While this outcome alone is undesirable, the situation is made worse by the fact that Phytophthora-infected plants can also infest the planting site. Even if the affected plant is removed, the pathogen can remain behind in dead root fragments and resistant spores that can infect the next planting. Worse yet, replanting may introduce additional Phytophthora species to the planting site. Because Phytophthora host ranges vary widely, the effective host range of a mixed Phytophthora infestation is usually wider than that of any single species. If a site has a mixed Phytophthora infestation, the list of species that may tolerate or resist infection will become shorter and future planting options may be greatly restricted. Roots of adjacent susceptible host plants that extend into the infested soil can also be infected, increasing the size of the infested area over time. Finally, infested areas can serve a source of pathogen spread to other areas, where either planted or native vegetation may be infected.

What can be done?

As noted above, use of SOS chemicals may mask infected plants by reducing symptom development and expression. To overcome this, a common recommendation is to hold plants for a period after receiving them (6 to 8 weeks is commonly recommended) and then inspect or test the plants at that point. While this may help, the residual activity of these chemicals can be much longer than 8 weeks, especially if plants have been treated at high rates in the nursery. Furthermore, disease activity in the plants will not resume suddenly after a specific date. Generally, disease activity will increase gradually over many weeks or months as the concentration of SOS chemical drops and increasing numbers of roots become infected. Rates of disease progress and symptom expression will also vary with temperature, water regime, and other environmental factors. Finally, many drought-tolerant California native plants can sustain very high levels of Phytophthora root rot without showing obvious shoot symptoms. To increase chances of detecting Phytophthora in plants that may have been treated with SOS chemicals, a holding period of at least 3 to 4 months is recommended, followed by a sensitive testing method such as baiting.
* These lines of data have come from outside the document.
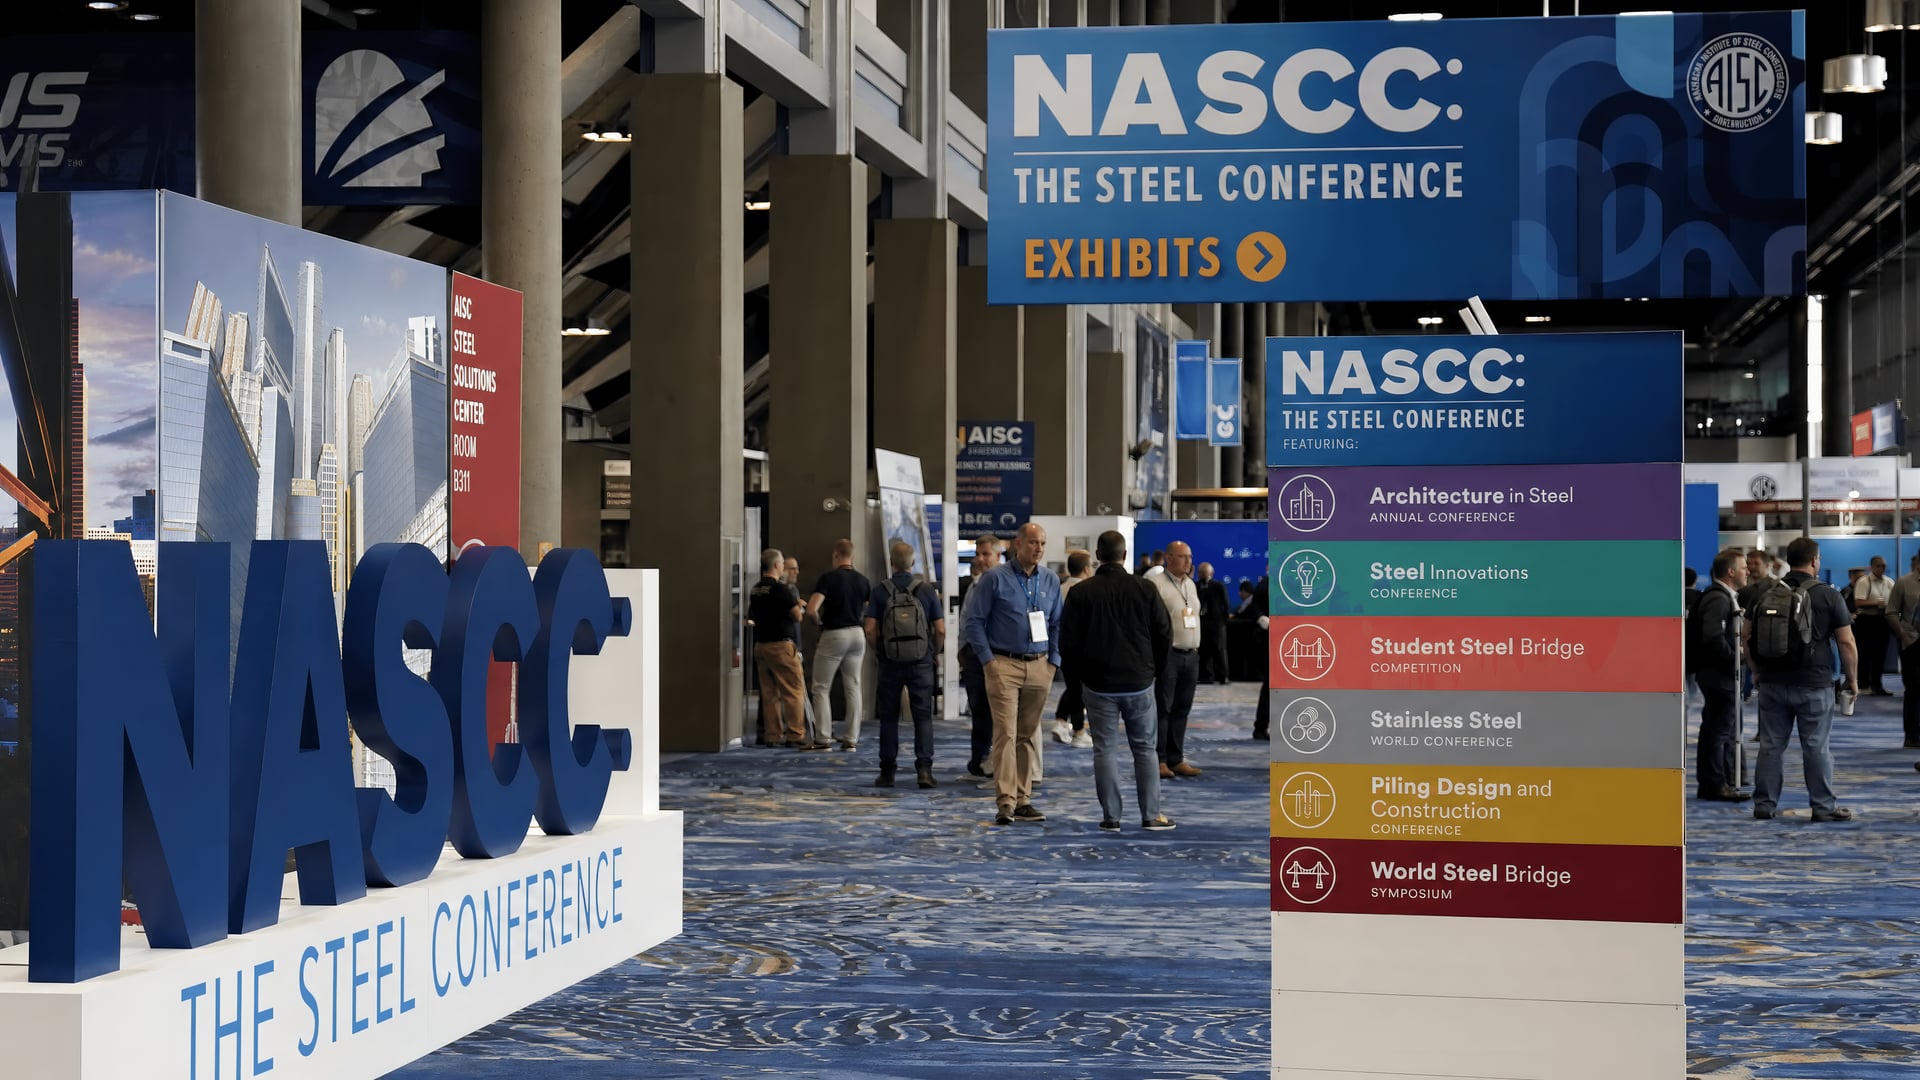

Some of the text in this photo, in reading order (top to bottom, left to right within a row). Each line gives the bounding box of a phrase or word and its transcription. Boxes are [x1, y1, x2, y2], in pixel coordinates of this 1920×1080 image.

[1014, 47, 1462, 137] NASCC:
[1706, 52, 1768, 113] AISC
[1014, 162, 1462, 203] THE STEEL CONFERENCE
[1026, 238, 1220, 278] EXHIBITS
[455, 295, 471, 320] AISC
[454, 329, 476, 355] STEEL
[454, 364, 496, 392] SOLUTIONS
[1283, 348, 1524, 395] NASCC:
[454, 399, 484, 424] CENTER
[1283, 409, 1524, 429] THE STEEL CONFERENCE
[454, 434, 476, 457] ROOM
[968, 426, 1023, 445] AISC
[1284, 439, 1358, 450] FEATURING:
[454, 469, 470, 492] B311
[1370, 487, 1572, 504] Architecture in Steel
[1370, 512, 1514, 523] ANNUAL CONFERENCE
[1371, 562, 1528, 579] Steel Innovations
[1371, 589, 1457, 599] CONFERENCE
[1371, 637, 1584, 659] Student Steel Bridge
[1371, 663, 1460, 674] COMPETITION
[1371, 711, 1521, 729] Stainless Steel
[1371, 736, 1512, 748] WORLD CONFERENCE
[1372, 777, 1551, 800] Piling Design and
[1372, 800, 1500, 819] Construction
[1371, 824, 1461, 836] CONFERENCE
[1371, 862, 1570, 887] World Steel Bridge
[1372, 888, 1451, 900] SYMPOSIUM
[181, 846, 624, 1080] THE STEEL CONFERENCE
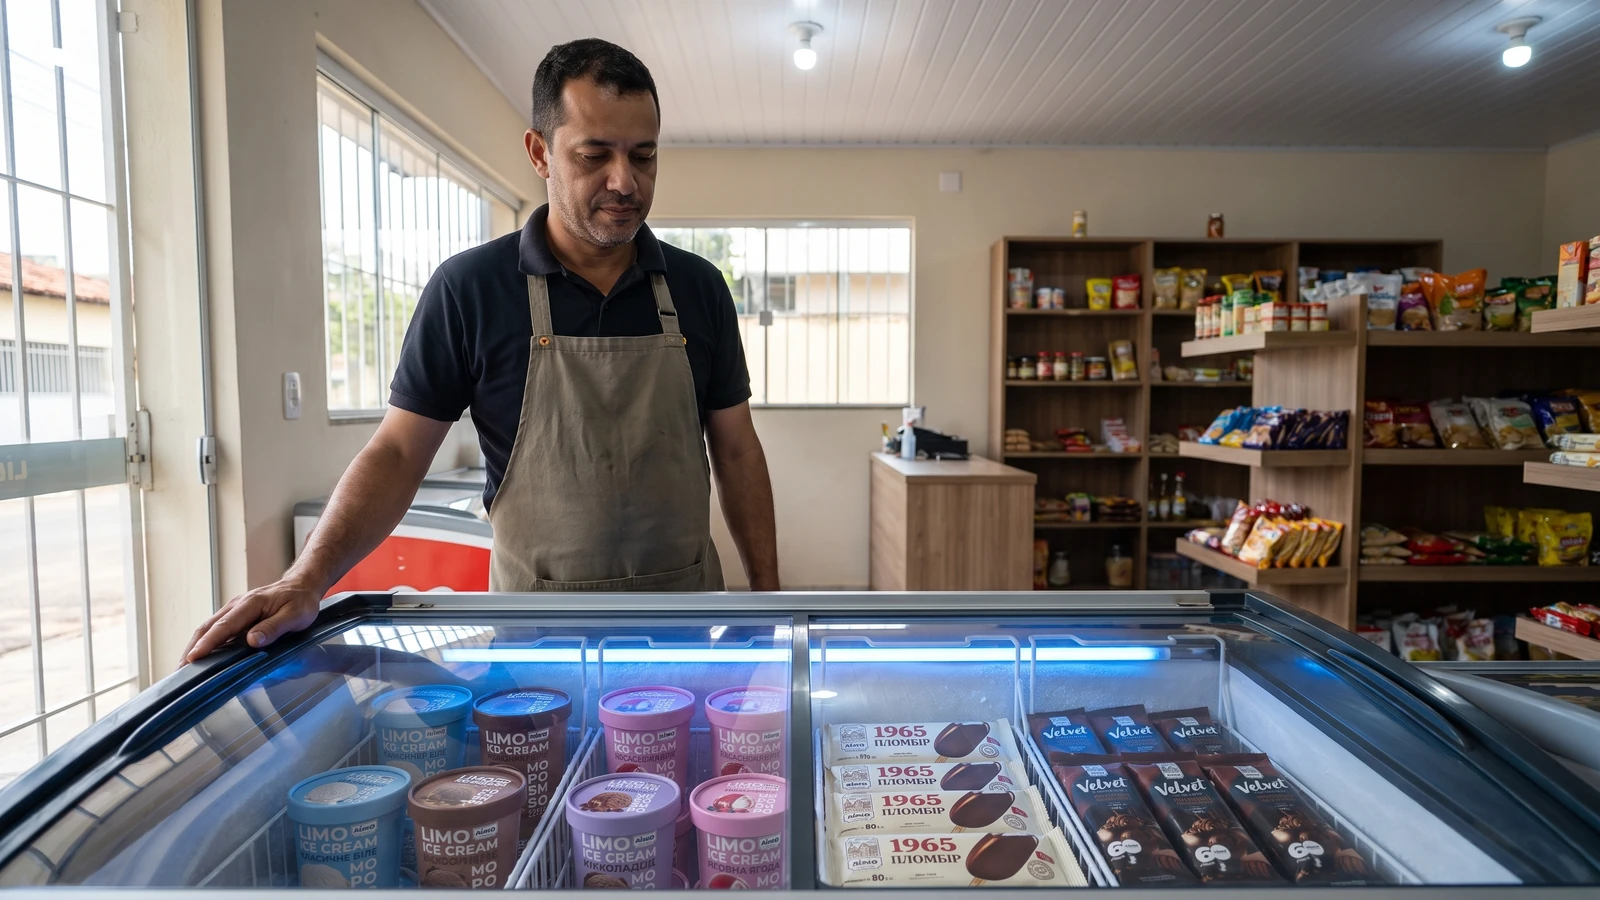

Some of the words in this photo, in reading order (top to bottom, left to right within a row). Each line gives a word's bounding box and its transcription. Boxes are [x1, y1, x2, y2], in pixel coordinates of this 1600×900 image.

[382, 728, 423, 743] LIMO
[485, 730, 526, 746] LIMO
[613, 730, 655, 746] LIMO
[719, 728, 760, 745] LIMO
[874, 725, 927, 738] 1965
[1043, 725, 1088, 739] Velvet
[1109, 725, 1153, 739] Velvet
[1173, 726, 1218, 738] Velvet
[634, 740, 676, 755] CREAM
[739, 741, 780, 755] CREAM
[874, 738, 930, 747] ПЛОМБІР
[877, 765, 934, 778] 1965
[877, 778, 937, 786] ПЛОМБІР
[1076, 777, 1127, 793] Velvet
[1154, 778, 1207, 796] Velvet
[1235, 778, 1289, 794] Velvet
[881, 793, 942, 807] 1965
[882, 807, 945, 816] ПЛОМБІР
[299, 823, 348, 842] LIMO
[421, 826, 470, 844] LIMO
[300, 839, 317, 853] ICE
[321, 835, 378, 854] CREAM
[422, 841, 441, 856] ICE
[445, 838, 498, 857] CREAM
[582, 832, 630, 851] LIMO
[707, 833, 755, 853] LIMO
[889, 837, 957, 853] 1965
[583, 847, 602, 862] ICE
[605, 846, 657, 864] CREAM
[708, 848, 727, 864] ICE
[731, 848, 780, 865] CREAM
[891, 854, 961, 864] ПЛОМБІР
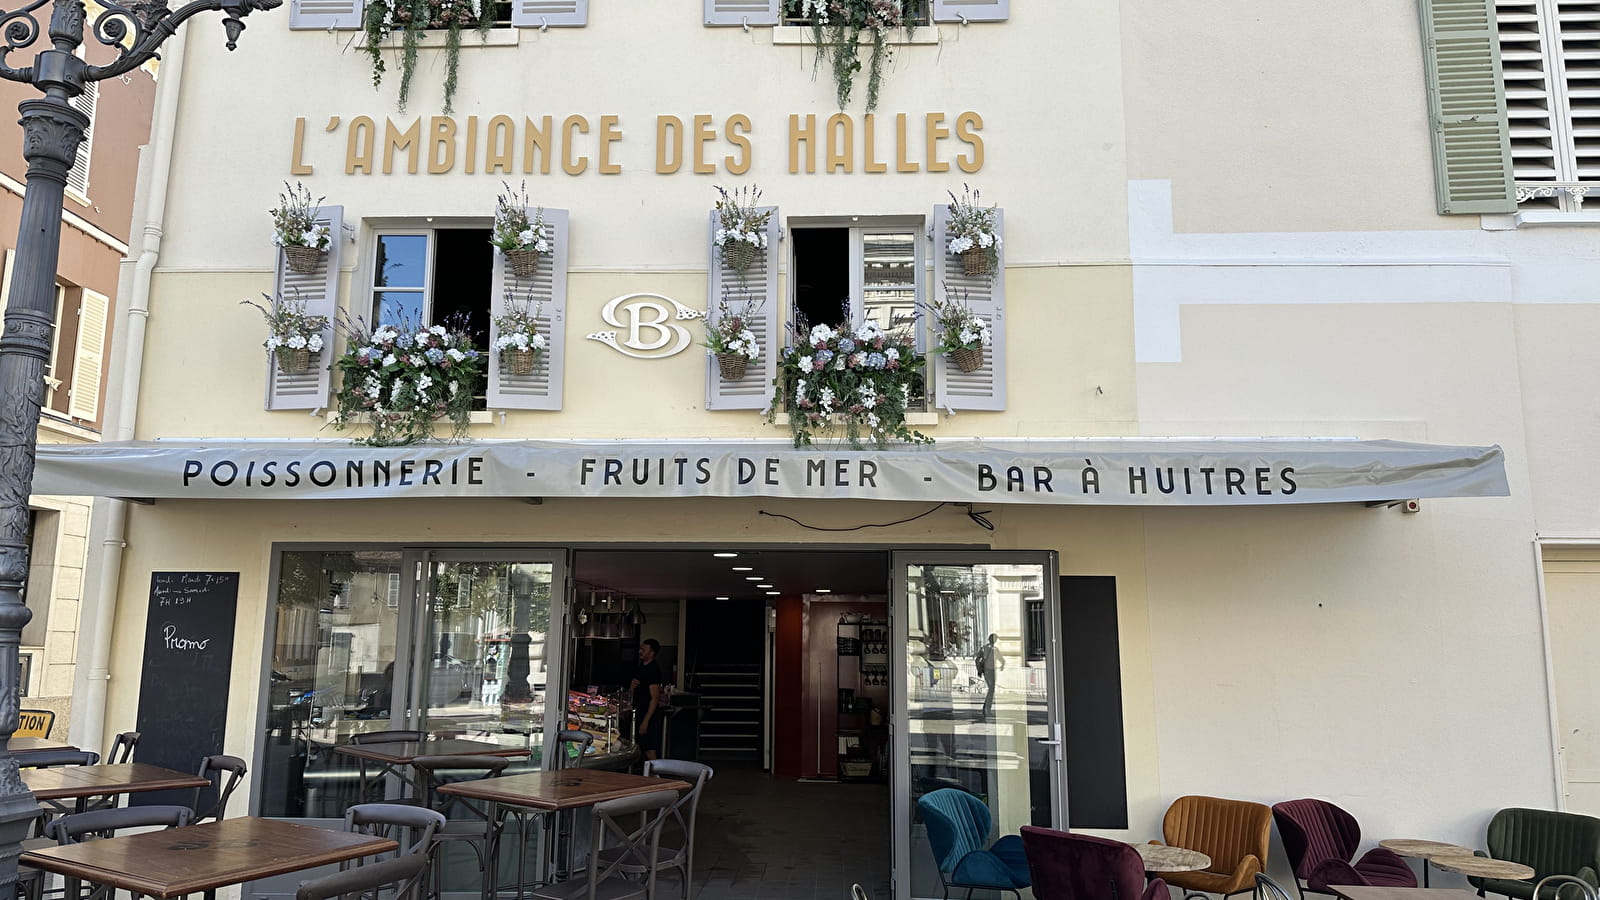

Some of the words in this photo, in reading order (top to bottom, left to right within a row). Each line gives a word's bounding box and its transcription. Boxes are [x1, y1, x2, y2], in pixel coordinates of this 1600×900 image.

[290, 114, 623, 176] L'AMBIANCE
[656, 113, 752, 175] DES
[789, 111, 985, 174] HALLES
[183, 457, 484, 488] POISSONNERIE
[580, 458, 711, 486] FRUITS
[737, 457, 780, 486] DE
[806, 458, 879, 488] MER
[977, 463, 1054, 493] BAR
[1081, 458, 1101, 494] À
[1128, 466, 1298, 496] HUITRES
[163, 624, 210, 651] Promo
What’s the bottom line for purchasers of nursery stock and nurseries that want to produce Phytophthora-free stock?

1. If a nursery has Phytophthora-infected plants, using SOS chemicals will not “clean up” the stock. Infected stock + SOS chemical = infected stock.

2. If a nursery is following a systems approach to clean plant production, SOS chemicals are not necessary. No pathogen = no disease.

3. Using chemicals to suppress Phytophthora in nurseries can thwart the quality-control testing that is needed to quickly identify and eradicate any Phytophthora infestation that may arise though lapses in a clean production system.

In effect, SOS chemicals have allowed nurseries to ignore clean production practices that exclude Phytophthora and adopt suppression as their main disease management strategy. As a result, the use of SOS chemicals by nurseries may actually increase the likelihood that the stock is infected by Phytophthora . A full systems approach to producing clean nursery stock provides the best route for producing Phytophthora -free plants (see Best Management Practices (BMPs) for Producing Clean Nursery Stock). Nurseries following this approach will not need to use SOS chemicals to “save our stuff”.

Figure 1. Growth suppression of a P. cinnamomi isolate by varying concentrations of metalaxyl. ED50 and ED90 values plotted in graph indicate concentrations that suppress colony growth by 50% and 90%, repectively. Most established residues for metalaxyl on food crops are in the shaded range shown in the graph. This isolate is sensitive to metalaxyl. Metalaxyl-resistant strains can grow with minimal suppression at metalaxyl concentrations of 100 µg/ml or more. Metalaxyl treatment will not suppress disease in a plant infected with a metalaxyl-resistant strain.